> _DATASET EXTRACT_
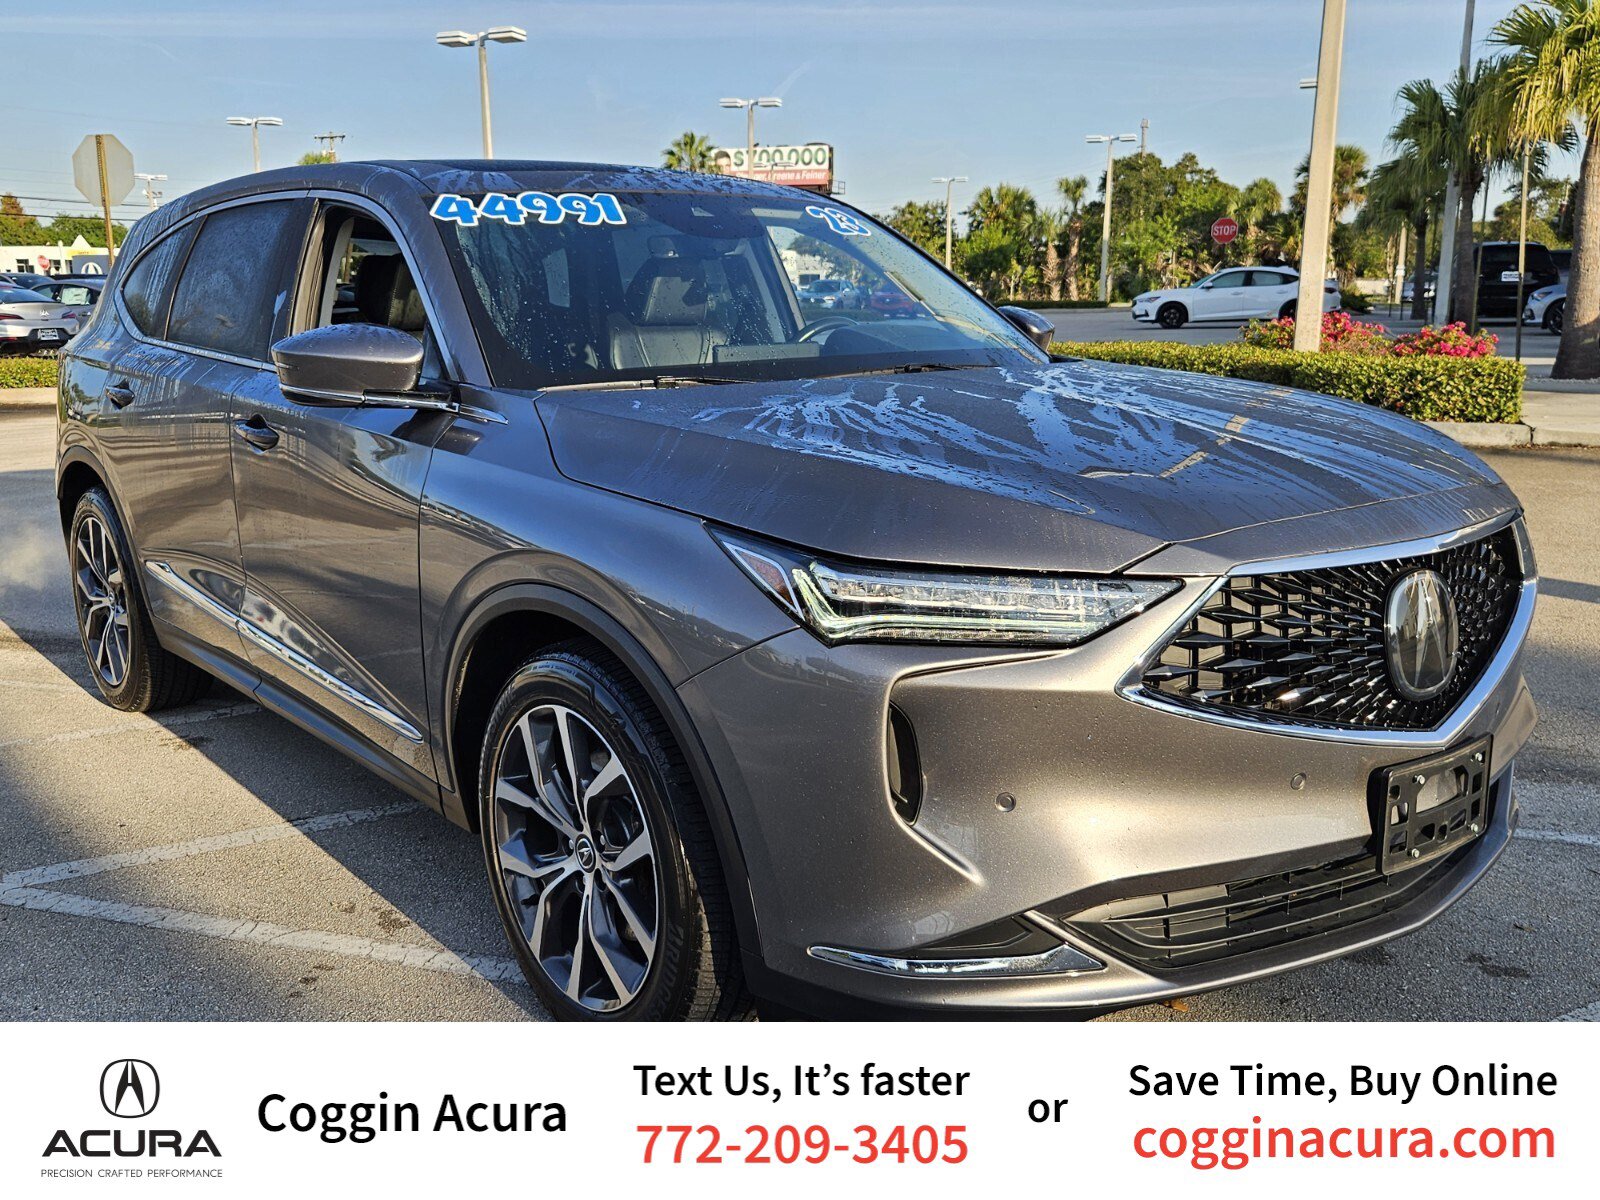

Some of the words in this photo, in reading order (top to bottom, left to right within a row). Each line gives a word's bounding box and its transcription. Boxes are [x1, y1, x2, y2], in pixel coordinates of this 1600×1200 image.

[733, 147, 827, 167] $700000
[801, 170, 827, 180] Feiner
[429, 191, 627, 226] 44991
[1213, 225, 1236, 236] STOP
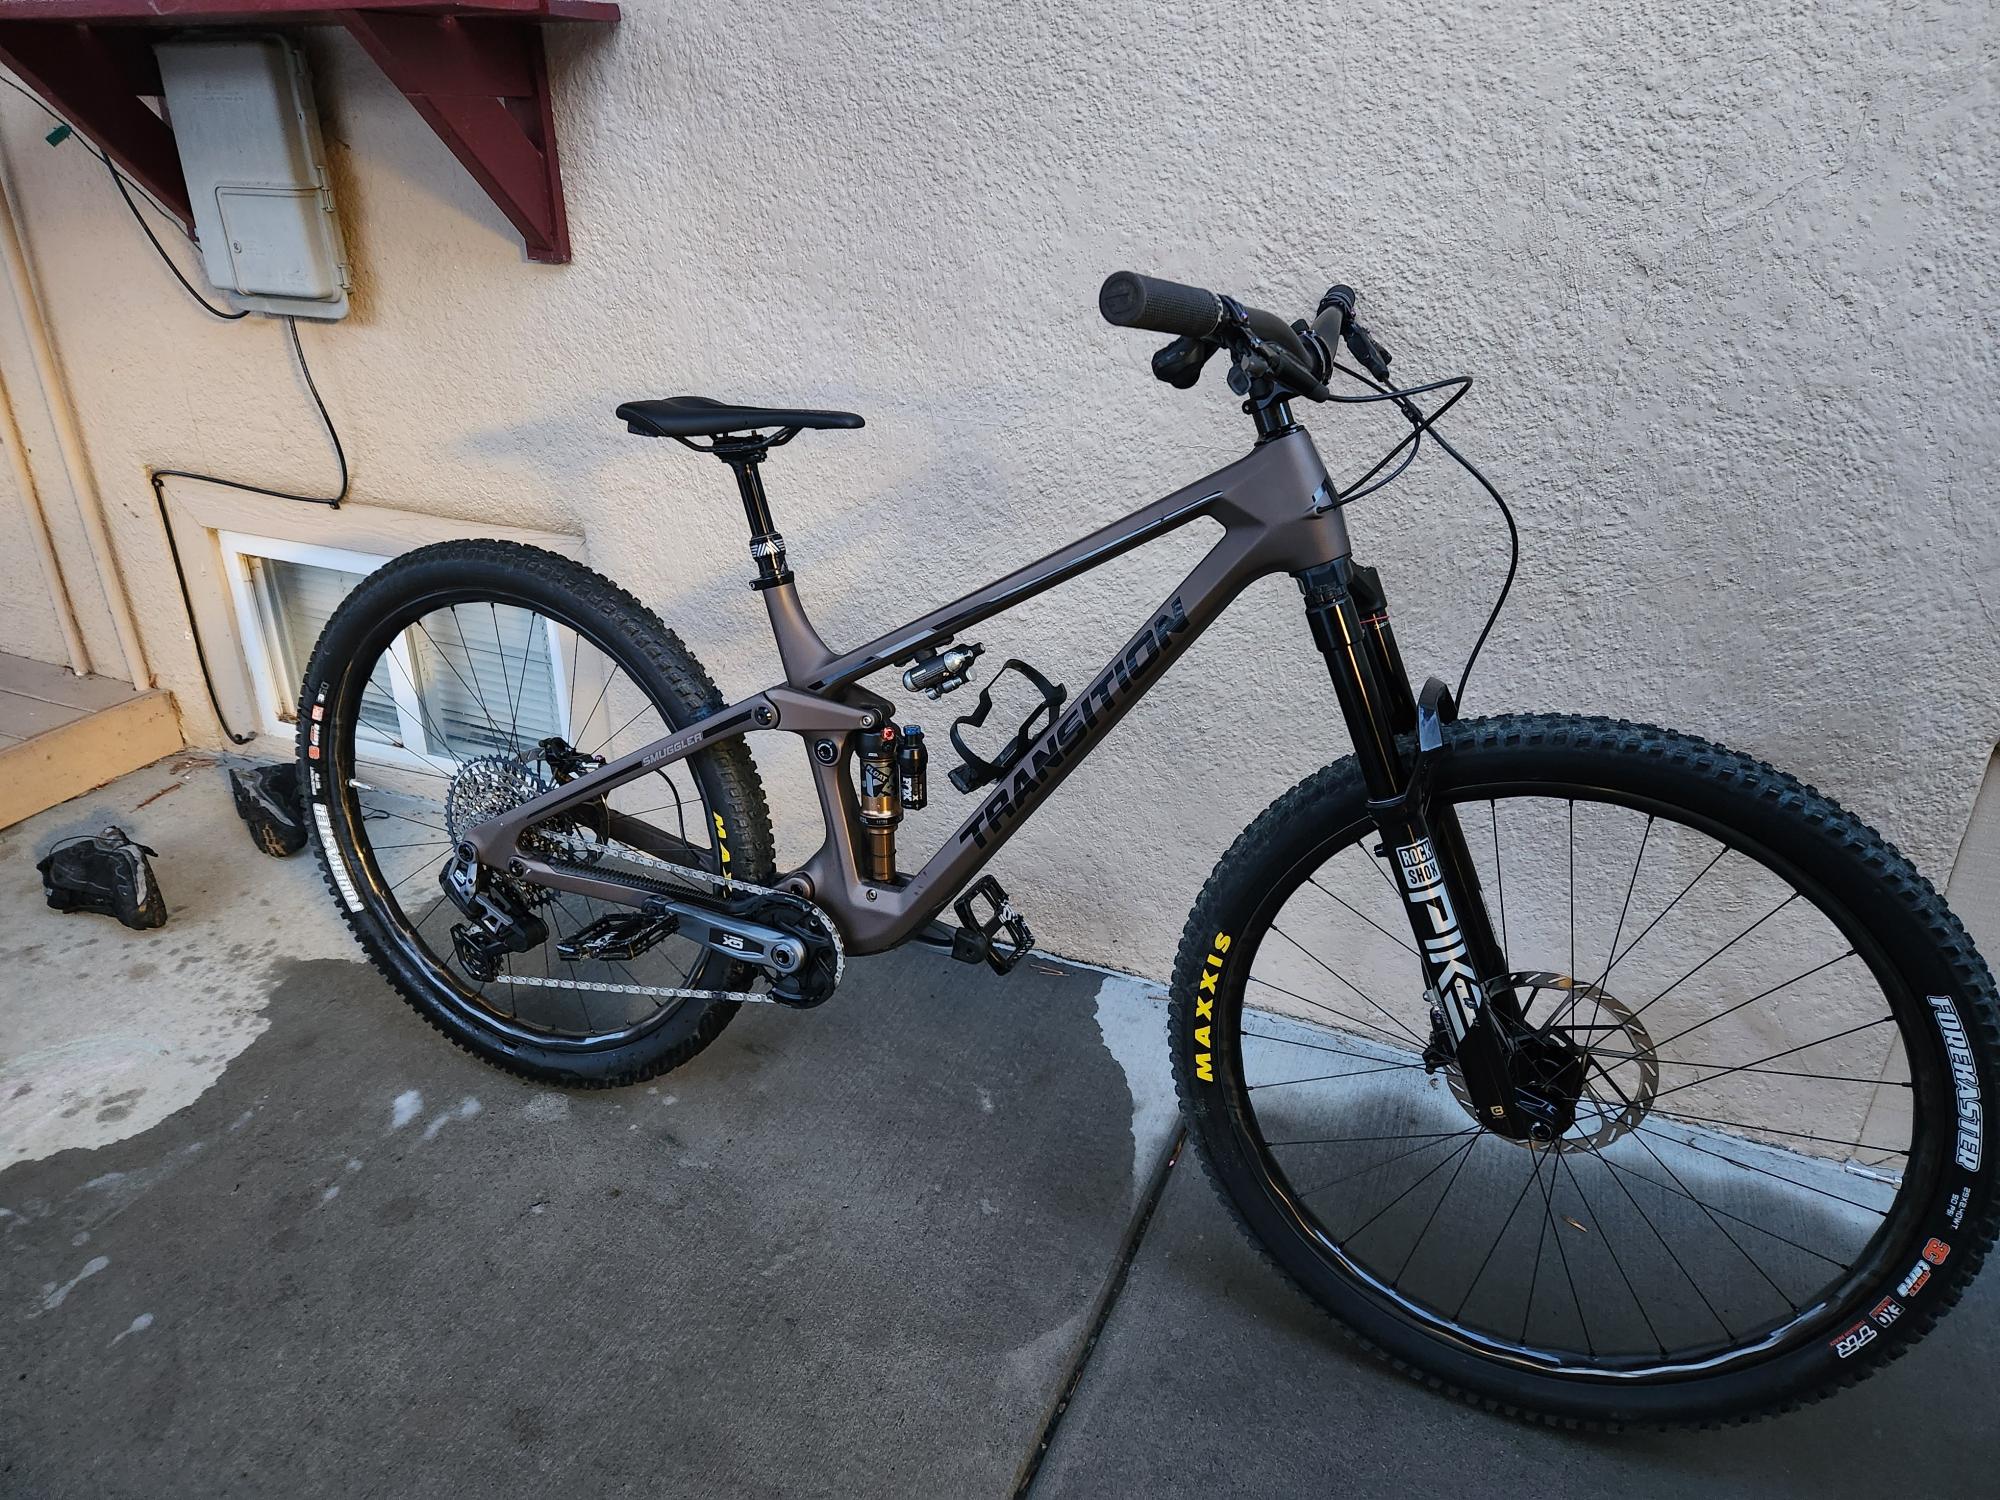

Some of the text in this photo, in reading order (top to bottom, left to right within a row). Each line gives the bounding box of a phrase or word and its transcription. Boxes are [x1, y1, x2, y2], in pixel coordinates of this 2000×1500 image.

[959, 596, 1190, 849] TRANSITION
[642, 732, 703, 767] SMUGGLER
[866, 764, 887, 782] FLOAT
[902, 776, 913, 802] FOX
[1400, 842, 1433, 867] ROCK
[1408, 862, 1438, 884] SHOX
[1408, 881, 1482, 1042] PIKE
[1194, 931, 1232, 1083] MAXXIS
[1927, 995, 1983, 1172] FOREKASTER
[1876, 1302, 1904, 1328] EXO
[1836, 1325, 1877, 1358] TR

> _GOAL OF THE EXERCISE_
Leave the pictures out and restate the listing word for word.

> _EXERCISE SOLUTION_
Some of the words in this photo, in reading order (top to bottom, left to right within a row). Each line gives a word's bounding box and its transcription. Boxes are [x1, y1, x2, y2], in pixel coordinates of this 1600×1200 image.

[733, 147, 827, 167] $700000
[801, 170, 827, 180] Feiner
[429, 191, 627, 226] 44991
[1213, 225, 1236, 236] STOP

Some of the text in this photo, in reading order (top to bottom, left to right within a row). Each line gives the bounding box of a phrase or word and its transcription. Boxes are [x1, y1, x2, y2], in pixel coordinates of this 2000×1500 image.

[959, 596, 1190, 849] TRANSITION
[642, 732, 703, 767] SMUGGLER
[866, 764, 887, 782] FLOAT
[902, 776, 913, 802] FOX
[1400, 842, 1433, 867] ROCK
[1408, 862, 1438, 884] SHOX
[1408, 881, 1482, 1042] PIKE
[1194, 931, 1232, 1083] MAXXIS
[1927, 995, 1983, 1172] FOREKASTER
[1876, 1302, 1904, 1328] EXO
[1836, 1325, 1877, 1358] TR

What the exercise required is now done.